If the account number does not exist at the destination bank, the transfer is typically reversed to your account within 2 hours or the next settlement batch. If the account number exists but belongs to a different person, recovery is much harder and may require a formal bank complaint or legal process. Always double-check the account number and IFSC code — especially for new payees.

 

The Bottom Line

 

For everyday transfers below ₹1 lakh — UPI is the obvious choice. It is free, instant, works 24×7, and requires no banking details beyond a UPI ID. For amounts between ₹1 lakh and ₹2 lakh — NEFT or IMPS depending on whether you need instant settlement. For amounts above ₹2 lakh that need to arrive today, guaranteed — RTGS. For non-urgent transfers of any size — NEFT, free online, available at all hours.

The one thing all four systems have in common: bank-to-bank transfers via NEFT, RTGS, and IMPS require a verified IFSC code.

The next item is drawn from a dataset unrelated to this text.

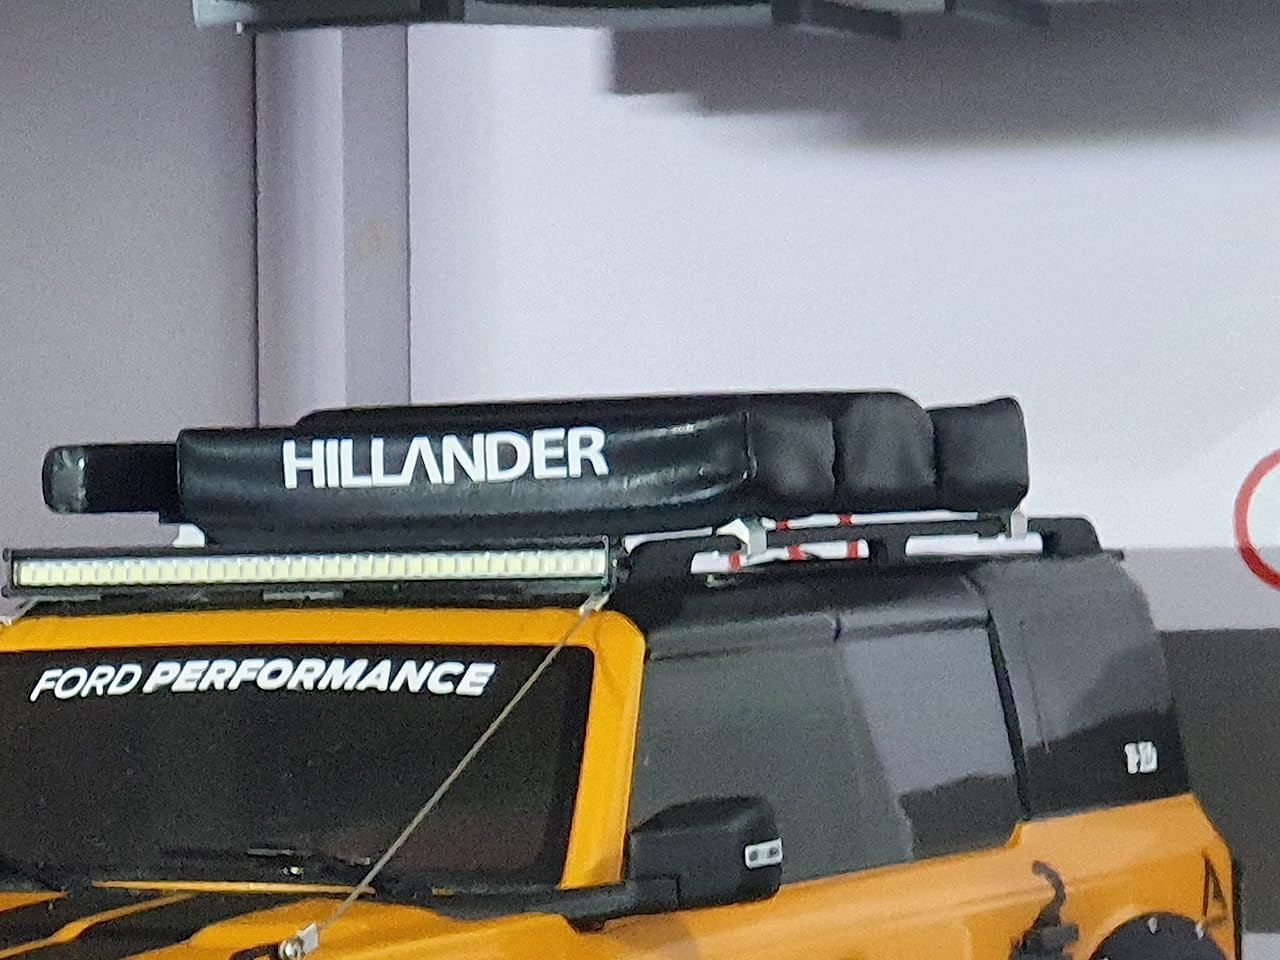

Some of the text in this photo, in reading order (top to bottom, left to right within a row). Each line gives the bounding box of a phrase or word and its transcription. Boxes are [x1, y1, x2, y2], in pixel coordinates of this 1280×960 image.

Getting this wrong delays or reverses your transfer. Before initiating any large transfer to a new payee, verify the IFSC code and account number before you hit confirm — not after.

 

Find IFSC codes for any bank or branch —   Find your bank IFSC code

Read more Banking & Transfers guides — https://ifsc.co/blogs/banking-transfers

New vs Old Tax Regime comparison — /blog/new-tax-regime-vs-old-tax-regime/

 

  When to visit your bank branch instead

For RTGS or NEFT transfers above ₹10–₹20 lakh (where online limits may be reached), or when dealing with a new payee for a very high-value property or business transaction, visiting the branch and initiating in person gives you an additional layer of verification and a physical receipt. The charges are nominal — typically ₹25–₹50 for RTGS — and the peace of mind for a ₹50 lakh transfer is worth it.

 

Disclaimer: This article is for informational purposes only. Transfer limits, charges, and availability are based on RBI and NPCI guidelines as of FY 2025-26. Individual banks may apply different sub-limits. Verify current figures with your bank before initiating high-value transactions.